> **Activity**:
Write each line below back out exactly, omitting its pictures.

> **Given records**:

=== Section Start ===

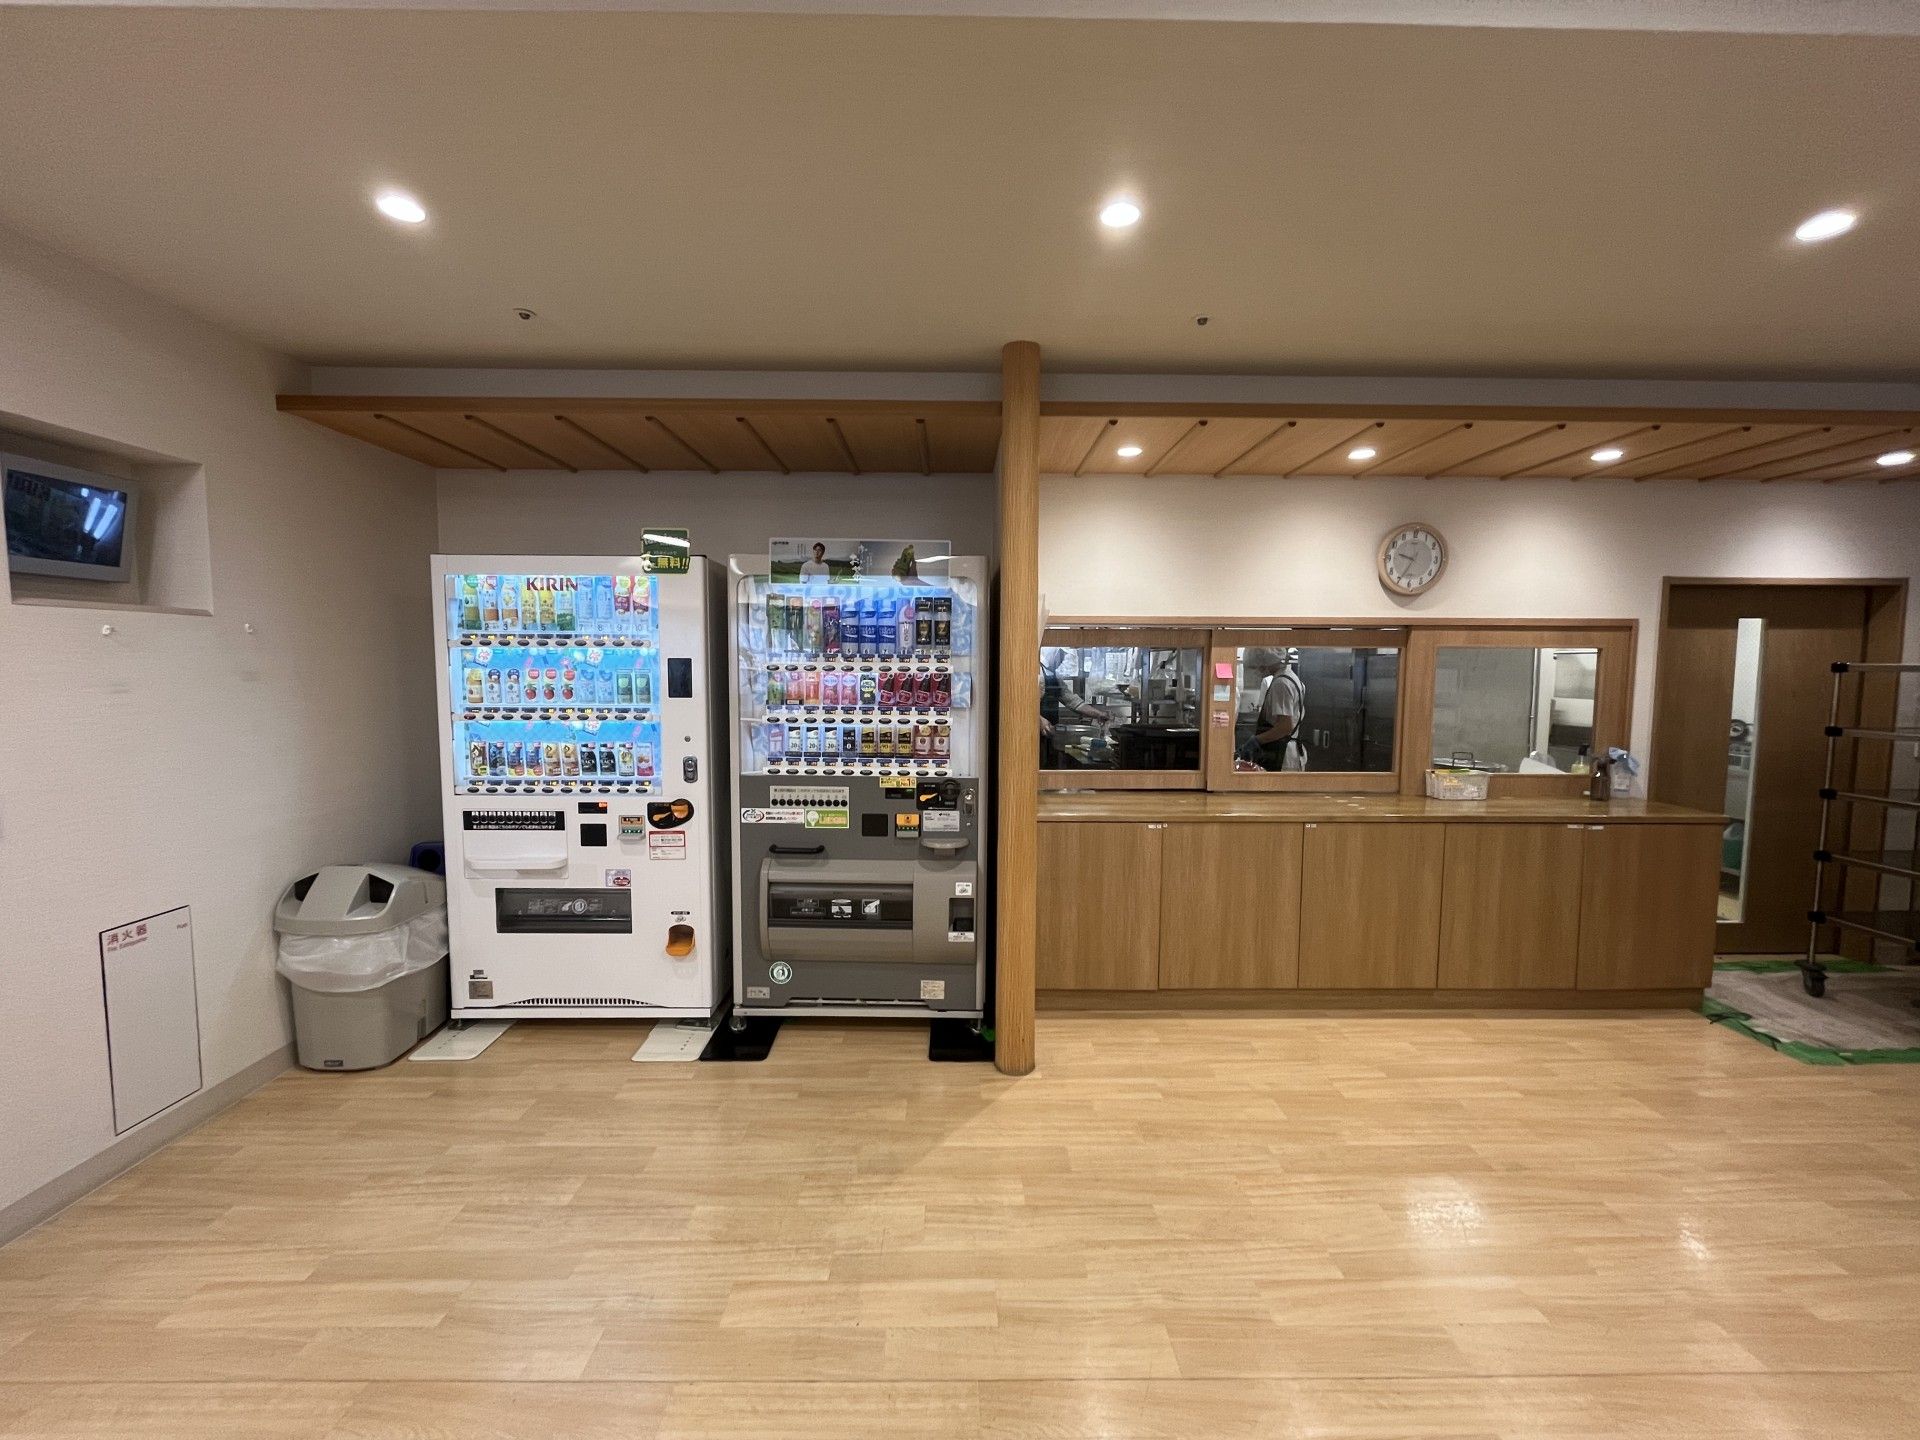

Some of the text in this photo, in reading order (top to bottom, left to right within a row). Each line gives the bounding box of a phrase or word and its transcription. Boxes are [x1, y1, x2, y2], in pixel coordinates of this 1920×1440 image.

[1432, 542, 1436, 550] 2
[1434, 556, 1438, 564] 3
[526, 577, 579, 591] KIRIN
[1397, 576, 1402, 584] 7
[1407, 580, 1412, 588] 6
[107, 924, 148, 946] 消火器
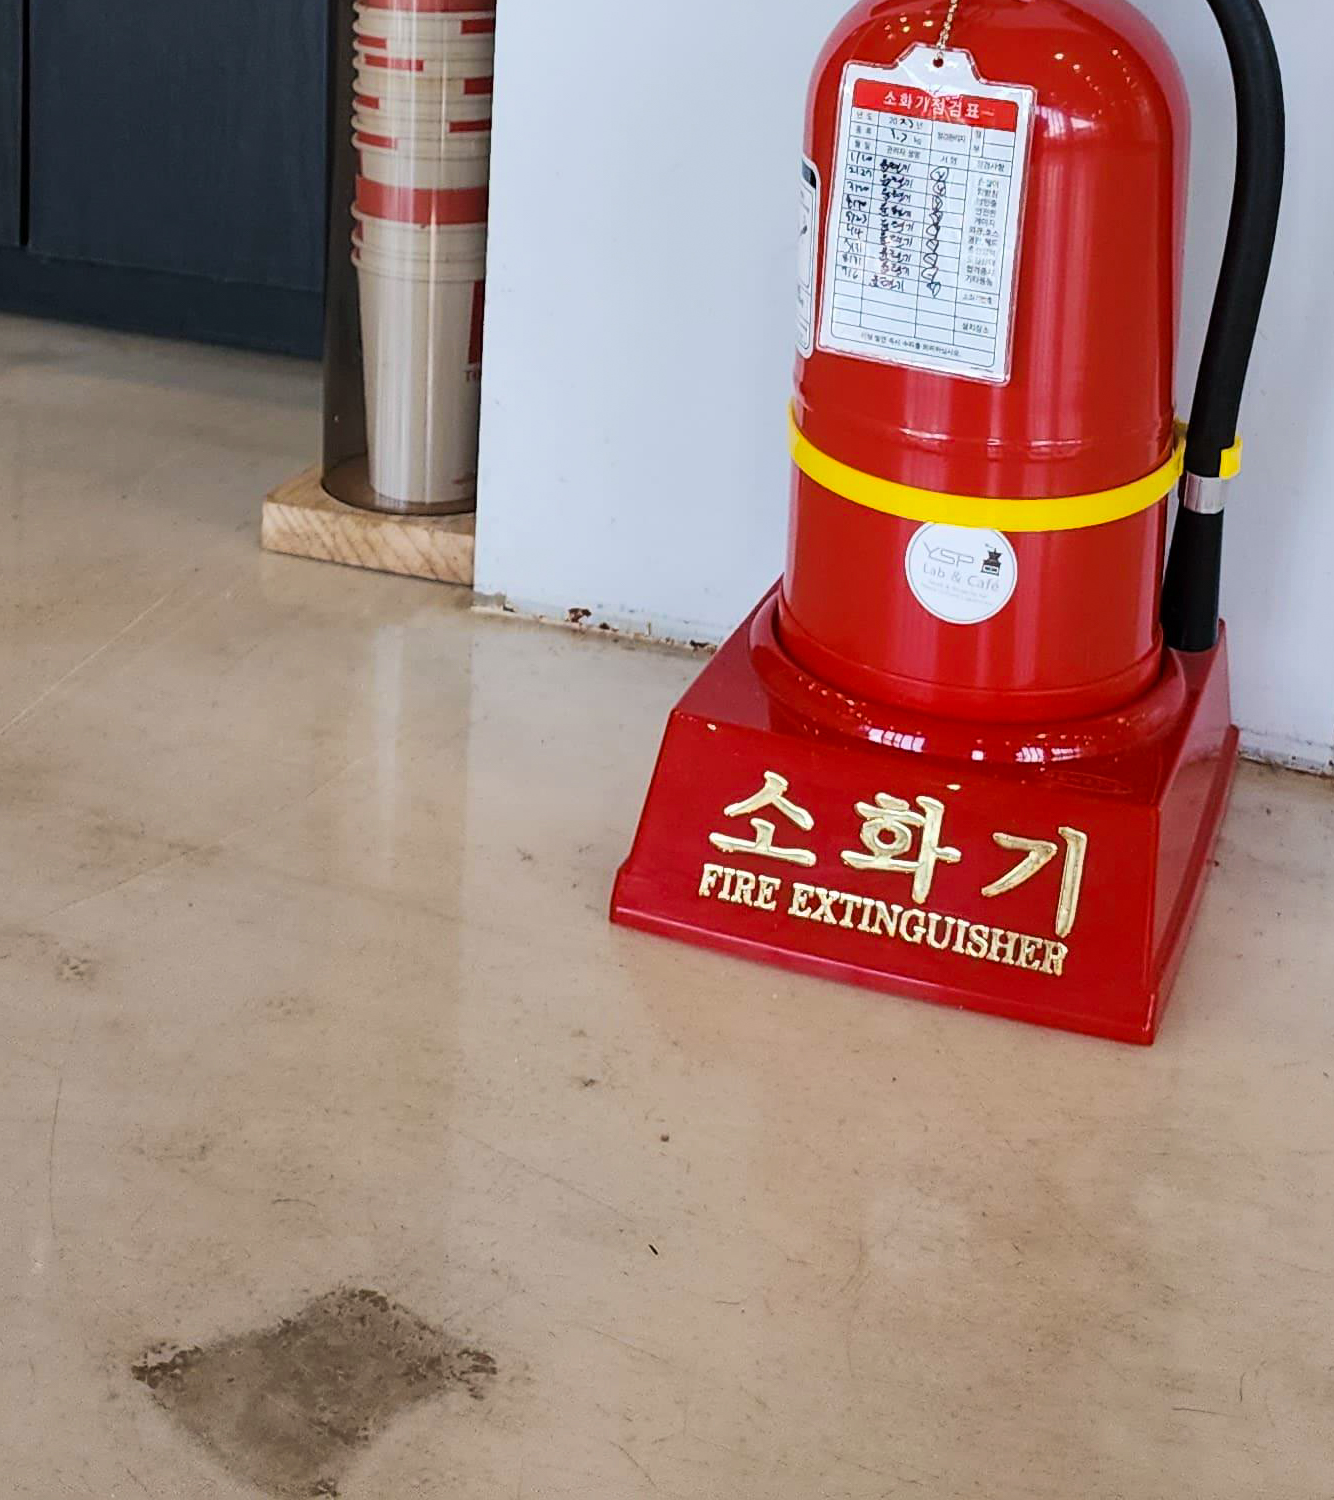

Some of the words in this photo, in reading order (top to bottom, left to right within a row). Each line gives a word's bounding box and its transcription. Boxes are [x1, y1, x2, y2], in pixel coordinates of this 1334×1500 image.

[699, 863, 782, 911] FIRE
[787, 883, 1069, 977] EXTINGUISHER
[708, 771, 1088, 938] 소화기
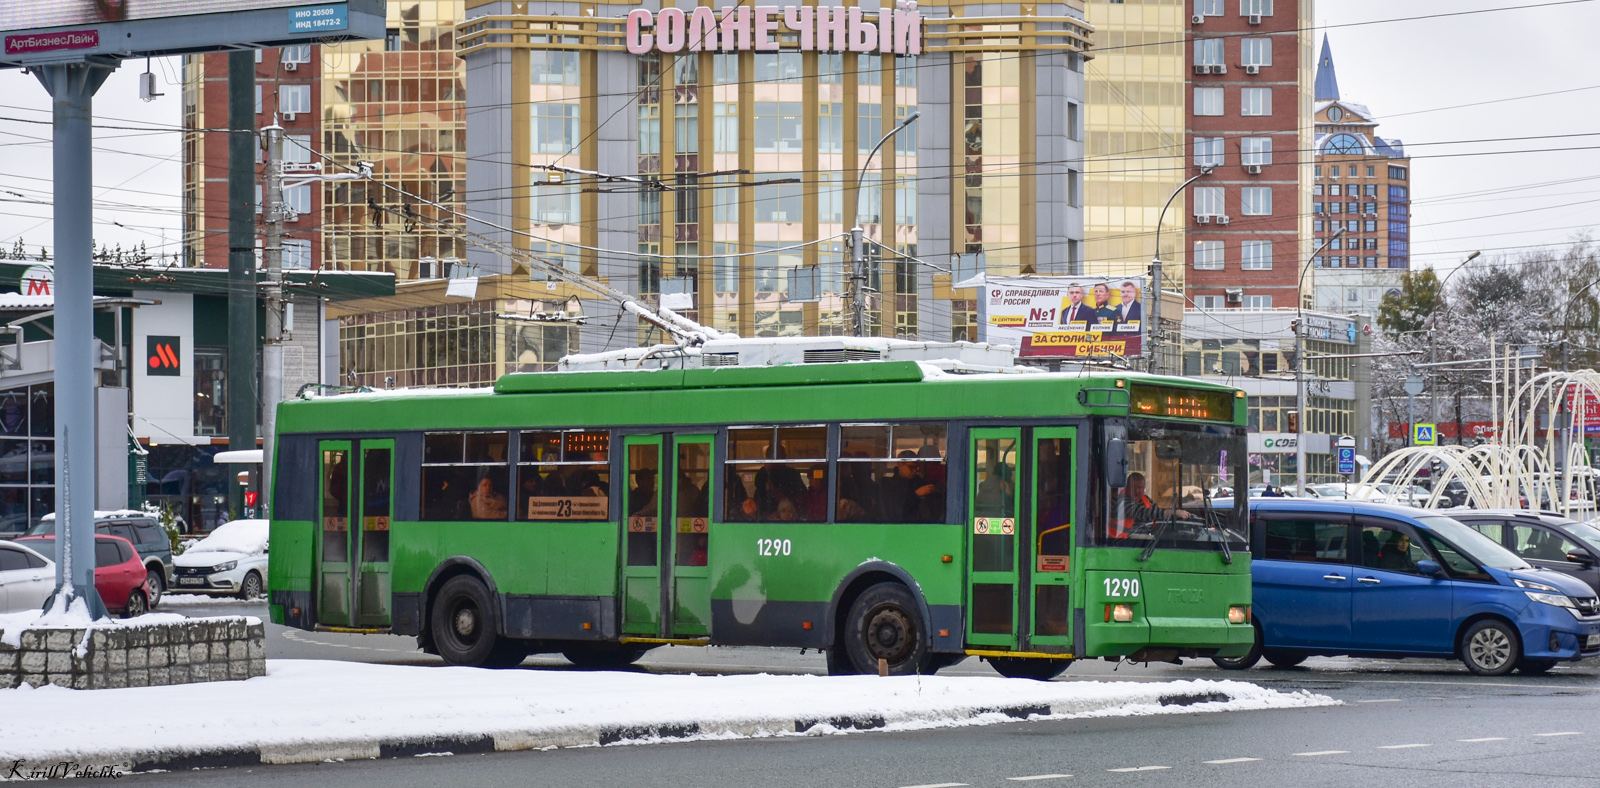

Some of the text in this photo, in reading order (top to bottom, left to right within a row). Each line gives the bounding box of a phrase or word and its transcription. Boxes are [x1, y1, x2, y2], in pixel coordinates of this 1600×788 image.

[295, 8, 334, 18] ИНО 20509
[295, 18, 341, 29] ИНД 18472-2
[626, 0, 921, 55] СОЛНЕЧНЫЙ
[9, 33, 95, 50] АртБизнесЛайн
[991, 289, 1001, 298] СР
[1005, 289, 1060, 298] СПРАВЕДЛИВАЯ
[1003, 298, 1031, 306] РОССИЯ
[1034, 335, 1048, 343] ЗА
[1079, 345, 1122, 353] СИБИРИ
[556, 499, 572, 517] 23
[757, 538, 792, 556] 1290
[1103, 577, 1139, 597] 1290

=== Section End ===

> **Task result**:
Some of the text in this photo, in reading order (top to bottom, left to right within a row). Each line gives the bounding box of a phrase or word and its transcription. Boxes are [x1, y1, x2, y2], in pixel coordinates of this 1920×1440 image.

[1432, 542, 1436, 550] 2
[1434, 556, 1438, 564] 3
[526, 577, 579, 591] KIRIN
[1397, 576, 1402, 584] 7
[1407, 580, 1412, 588] 6
[107, 924, 148, 946] 消火器

Some of the words in this photo, in reading order (top to bottom, left to right within a row). Each line gives a word's bounding box and its transcription. Boxes are [x1, y1, x2, y2], in pixel coordinates of this 1334×1500 image.

[699, 863, 782, 911] FIRE
[787, 883, 1069, 977] EXTINGUISHER
[708, 771, 1088, 938] 소화기

Some of the text in this photo, in reading order (top to bottom, left to right within a row). Each line gives the bounding box of a phrase or word and its transcription. Boxes are [x1, y1, x2, y2], in pixel coordinates of this 1600×788 image.

[295, 8, 334, 18] ИНО 20509
[295, 18, 341, 29] ИНД 18472-2
[626, 0, 921, 55] СОЛНЕЧНЫЙ
[9, 33, 95, 50] АртБизнесЛайн
[991, 289, 1001, 298] СР
[1005, 289, 1060, 298] СПРАВЕДЛИВАЯ
[1003, 298, 1031, 306] РОССИЯ
[1034, 335, 1048, 343] ЗА
[1079, 345, 1122, 353] СИБИРИ
[556, 499, 572, 517] 23
[757, 538, 792, 556] 1290
[1103, 577, 1139, 597] 1290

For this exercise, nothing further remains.